▶ _Assigned task_: Produce the records again in full, exactly as shown below.

▶ _Given information_:

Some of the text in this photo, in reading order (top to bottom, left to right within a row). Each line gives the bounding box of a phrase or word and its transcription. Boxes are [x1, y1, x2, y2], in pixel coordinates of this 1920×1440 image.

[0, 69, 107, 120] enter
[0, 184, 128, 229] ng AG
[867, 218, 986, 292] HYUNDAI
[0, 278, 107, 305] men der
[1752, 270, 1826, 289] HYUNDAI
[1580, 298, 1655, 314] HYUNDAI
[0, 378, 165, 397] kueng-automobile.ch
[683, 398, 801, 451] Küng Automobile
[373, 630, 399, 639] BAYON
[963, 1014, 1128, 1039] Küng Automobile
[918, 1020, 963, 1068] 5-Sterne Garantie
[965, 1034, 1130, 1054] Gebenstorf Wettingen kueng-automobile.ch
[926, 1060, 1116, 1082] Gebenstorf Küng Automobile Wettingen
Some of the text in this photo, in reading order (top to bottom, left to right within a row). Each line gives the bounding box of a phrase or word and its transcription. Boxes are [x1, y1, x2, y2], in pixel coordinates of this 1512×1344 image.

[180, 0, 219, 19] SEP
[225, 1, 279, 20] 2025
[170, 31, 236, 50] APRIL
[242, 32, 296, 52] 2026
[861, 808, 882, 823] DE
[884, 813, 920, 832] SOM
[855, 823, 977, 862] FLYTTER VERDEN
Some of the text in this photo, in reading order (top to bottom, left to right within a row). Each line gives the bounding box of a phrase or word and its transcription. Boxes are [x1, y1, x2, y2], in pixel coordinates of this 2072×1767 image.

▶ _Written answer_:
Some of the text in this photo, in reading order (top to bottom, left to right within a row). Each line gives the bounding box of a phrase or word and its transcription. Boxes are [x1, y1, x2, y2], in pixel coordinates of this 1920×1440 image.

[0, 69, 107, 120] enter
[0, 184, 128, 229] ng AG
[867, 218, 986, 292] HYUNDAI
[0, 278, 107, 305] men der
[1752, 270, 1826, 289] HYUNDAI
[1580, 298, 1655, 314] HYUNDAI
[0, 378, 165, 397] kueng-automobile.ch
[683, 398, 801, 451] Küng Automobile
[373, 630, 399, 639] BAYON
[963, 1014, 1128, 1039] Küng Automobile
[918, 1020, 963, 1068] 5-Sterne Garantie
[965, 1034, 1130, 1054] Gebenstorf Wettingen kueng-automobile.ch
[926, 1060, 1116, 1082] Gebenstorf Küng Automobile Wettingen
Some of the text in this photo, in reading order (top to bottom, left to right within a row). Each line gives the bounding box of a phrase or word and its transcription. Boxes are [x1, y1, x2, y2], in pixel coordinates of this 1512×1344 image.

[180, 0, 219, 19] SEP
[225, 1, 279, 20] 2025
[170, 31, 236, 50] APRIL
[242, 32, 296, 52] 2026
[861, 808, 882, 823] DE
[884, 813, 920, 832] SOM
[855, 823, 977, 862] FLYTTER VERDEN
Some of the text in this photo, in reading order (top to bottom, left to right within a row). Each line gives the bounding box of a phrase or word and its transcription. Boxes are [x1, y1, x2, y2], in pixel coordinates of this 2072×1767 image.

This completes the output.